Print version ISSN 0103-6971On-line version ISSN 1981-8637

RGO, Rev. Gaúch. Odontol. vol.68  Campinas  2020  Epub Apr 22, 2020

http://dx.doi.org/10.1590/1981-8637202000012201800005 

ORIGINAL

Implant- and tooth-supported removable partial dentures: a case report

Prótese parcial removível sobre implante e dentes: relato de caso clínico

Jéssyca Maria França de Oliveira MELO1 
http://orcid.org/0000-0001-8777-847X

Eduardo de Farias BARBOSA1 
http://orcid.org/0000-0002-2974-6522

1Universidade Federal de Pernambuco, Departamento de Prótese e Cirurgia Buco Maxilo Facial. Av. Prof. Moraes Rego, 1235, 50670-901, Cidade Universitária, Recife, PE, Brasil


ABSTRACT

This study aimed to report treatment of a patient with Kennedy’s class l maxillary and class II mandibular arch with removable partial dentures supported on an external hexagon (HE) anterior type implant of regular diameter fitted with an O’ring type of attachment. This clinical case reports the oral rehabilitation of a senile patient whose clinical examination revealed missing dentition in the upper and lower arches, attrition of the lower anterior teeth, caries, and motor impairment affecting hygiene, mastication, and esthetic functions. Due to few severely impaired teeth, the pre-prosthetic preparation included extractions and restorations, followed by the fabrication of upper and lower removable partial dentures supported by an HE-type implant. This study is important because it addresses the current challenges faced in the implementation of treatment involving removable partial dentures combined with implants, which is a topic that still needs long-term follow-up and research.

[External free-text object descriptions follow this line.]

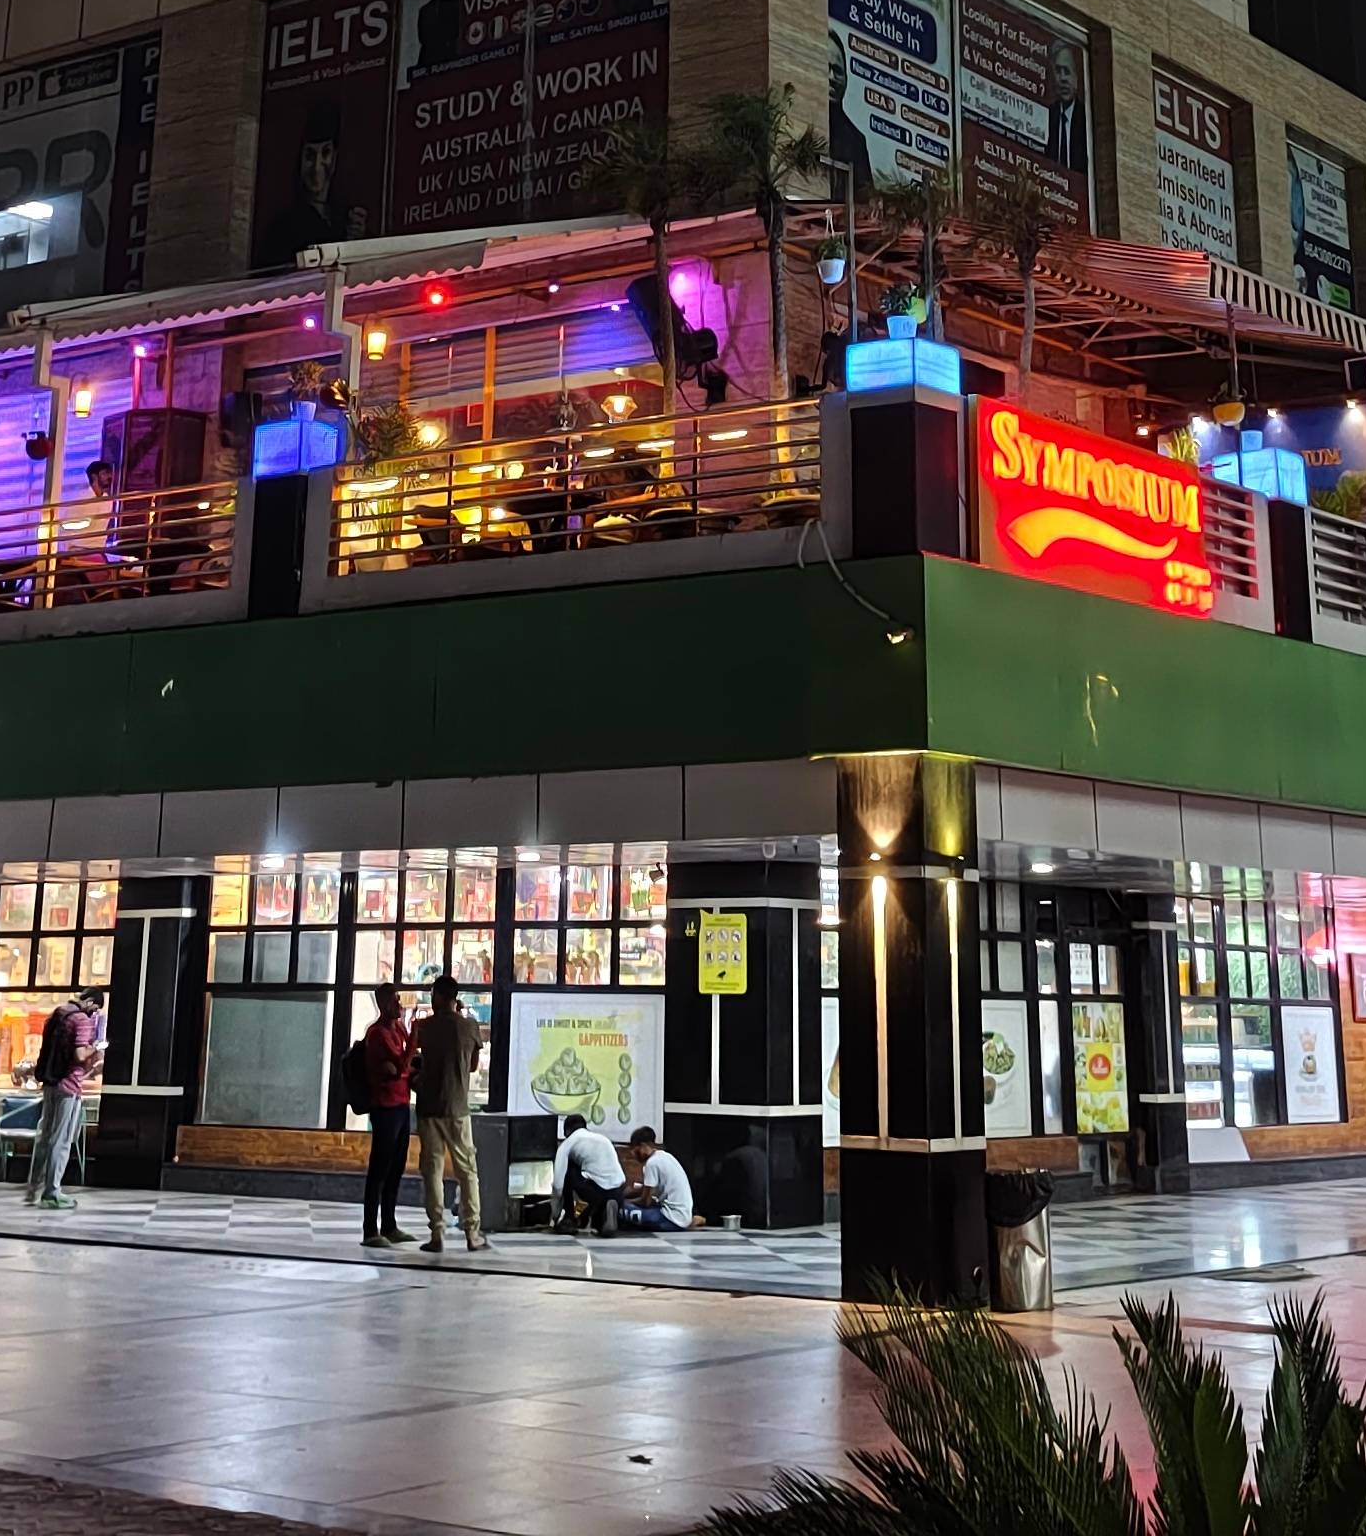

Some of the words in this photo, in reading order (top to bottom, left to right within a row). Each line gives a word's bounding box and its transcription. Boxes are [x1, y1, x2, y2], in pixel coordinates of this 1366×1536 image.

[268, 0, 389, 71] IELTS
[849, 5, 860, 24] &
[864, 11, 903, 44] Settle
[908, 31, 920, 53] In
[888, 0, 924, 32] Work
[414, 82, 503, 129] STUDY
[510, 79, 527, 106] &
[536, 54, 623, 101] WORK
[631, 47, 659, 78] IN
[420, 120, 535, 164] AUSTRALIA
[553, 96, 644, 134] CANADA
[418, 173, 443, 194] UK
[458, 162, 494, 186] USA
[509, 147, 550, 177] NEW
[555, 135, 629, 165] ZEALA
[403, 192, 480, 225] IRELAND
[496, 178, 552, 205] DUBAI
[1178, 206, 1187, 226] &
[1190, 213, 1233, 247] Abroad
[991, 411, 1201, 532] SYMPOSIUM
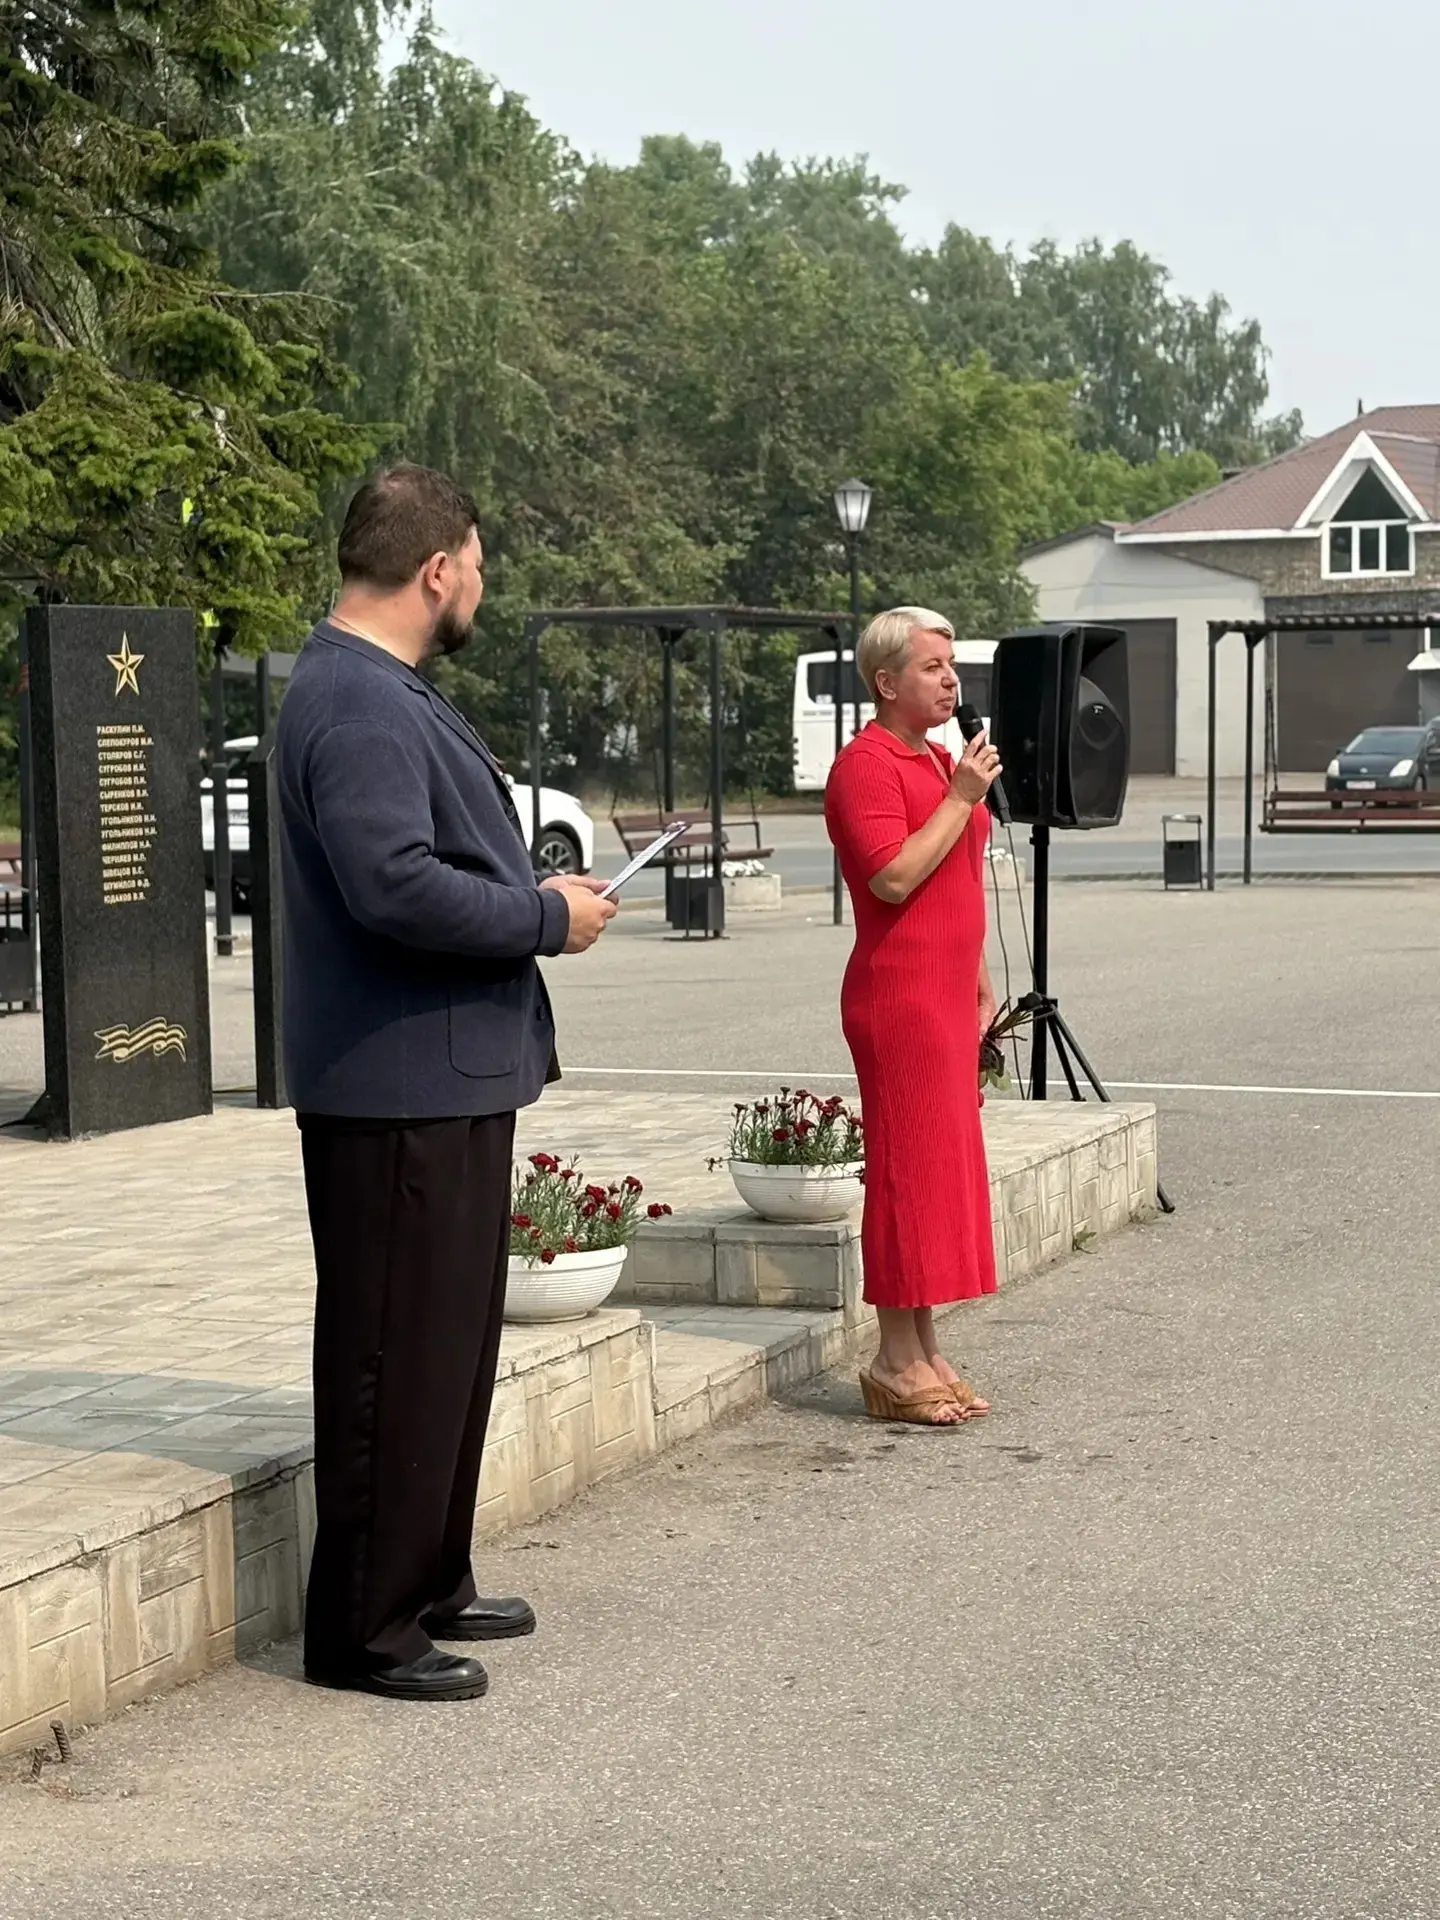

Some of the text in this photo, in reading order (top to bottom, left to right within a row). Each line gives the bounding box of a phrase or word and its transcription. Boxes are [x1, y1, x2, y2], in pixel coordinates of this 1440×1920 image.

Indexing terms Complete denture; Dental prostheses implant-supported; Prostheses and implants; Removable partial denture

RESUMO

Este trabalho tem por objetivo relatar o tratamento reabilitador com próteses removíveis classe l de Kennedy superior e classe ll de Kennedy inferior associada a um implante de diâmetro regular, do tipo hexágono externo (HE) superior anterior, com o sistema de encaixe do tipo O’ring. O presente trabalho, relata um caso clínico em reabilitação oral em um paciente senil no qual apresentava ao exame clínico ausências dentárias no arco superior e inferior, desgaste por atrição nos dentes anteriores inferiores, cáries e comprometimento motor, prejudicando a higienização, função mastigatória e estética. Em virtude do grau de comprometimento de alguns dentes, o preparo pré-protético foi realizado com exodontias, restaurações e, por fim, a confecção de próteses parciais removíveis inferior e superior conjugada com um implante do tipo HE. O presente estudo é importante porque aborda os desafios atuais da implantação da prótese parcial removível combinada com o implante, um tema que ainda necessita de pesquisas de acompanhamento a longo prazo.

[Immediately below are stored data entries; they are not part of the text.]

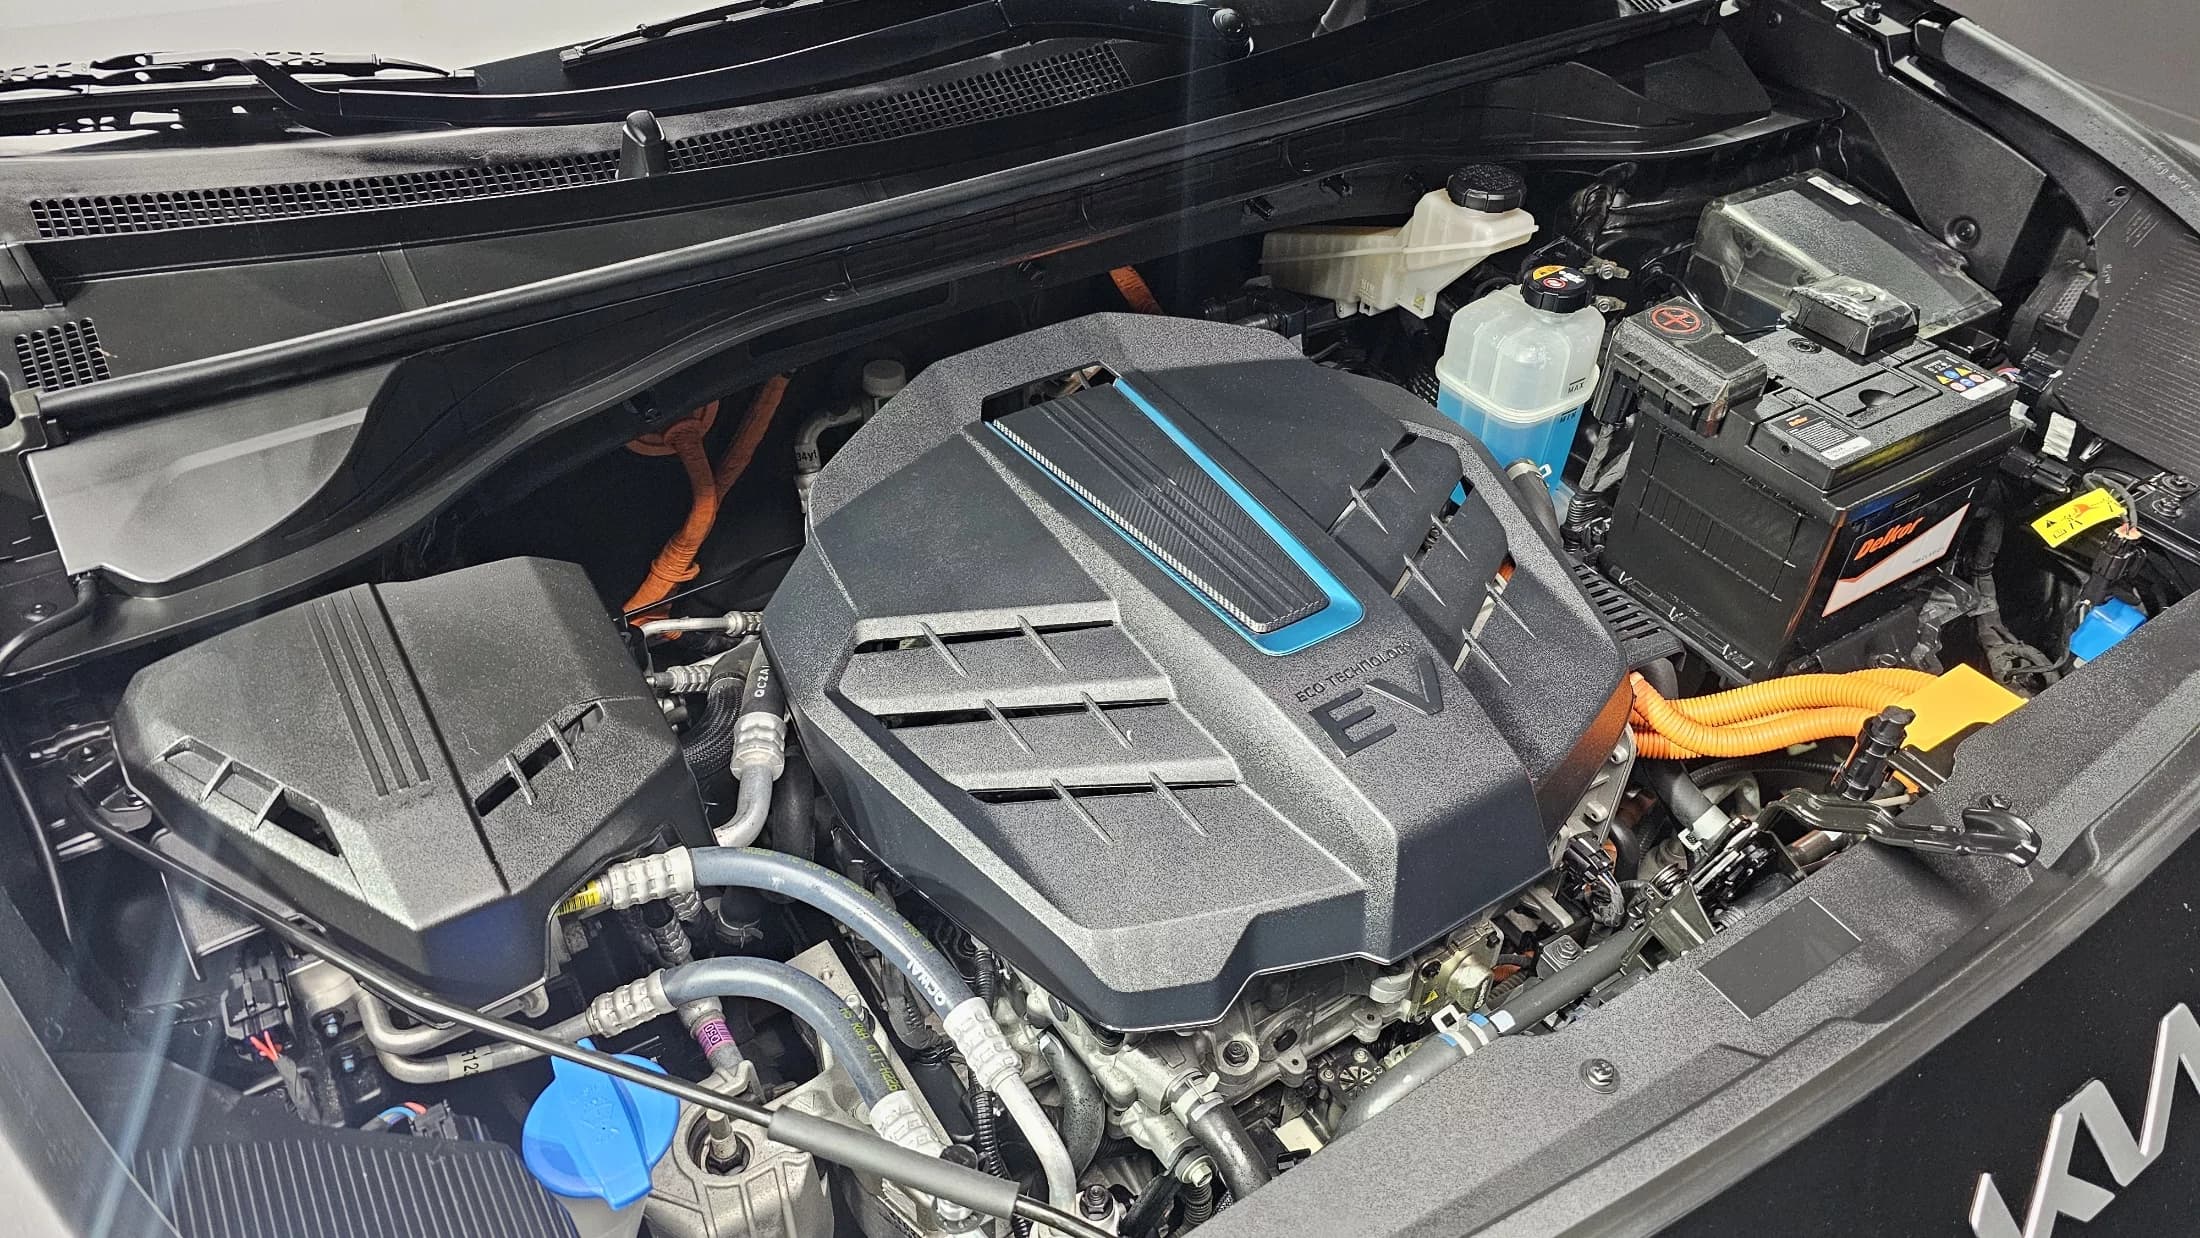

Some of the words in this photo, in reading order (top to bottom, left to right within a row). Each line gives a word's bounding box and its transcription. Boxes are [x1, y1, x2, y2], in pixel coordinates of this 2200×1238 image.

[1568, 382, 1584, 394] MAX
[1560, 411, 1577, 423] MIN
[1854, 516, 1926, 561] Delkor
[1295, 682, 1326, 702] ECO
[1325, 641, 1415, 687] TECHNOLOGY
[1308, 653, 1444, 758] EV

Termos de indexação Prótese total; Prótese dentária fixada por implante; Próteses e implantes; Prótese parcial removível

INTRODUCTION

Although the advent of preventive dentistry has reduced the incidence of tooth loss, the number of individuals using some kind of prosthesis is still large. Approximately 73% of partially edentulous patients report missing molars and premolars, and 40% have arches classified as Kennedy’s class I [1].

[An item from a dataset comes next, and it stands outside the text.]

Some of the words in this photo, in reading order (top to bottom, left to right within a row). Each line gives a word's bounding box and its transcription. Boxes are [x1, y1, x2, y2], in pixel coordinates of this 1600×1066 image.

Various prosthetic treatment options are available for partial edentulism, including fixed partial prostheses (FPP), implants, or removable partial dentures (RPDs). The RPDs are most commonly used in clinical practice because they are economical, and facilitate easy care of the remaining teeth [1]

From a clinical point of view, single or multiple RPDs do not just restore lost teeth, but also have certain advantages over other rehabilitative resources within the social and professional context. These include (1) cost benefit; (2) minimal wear of tooth structure; (3) easier maintenance as compared to other types of prostheses; (4) mechanically efficient solution in complicated situations; (5) lesser implementation time as compared to other types of prostheses; and (6) versatility [2].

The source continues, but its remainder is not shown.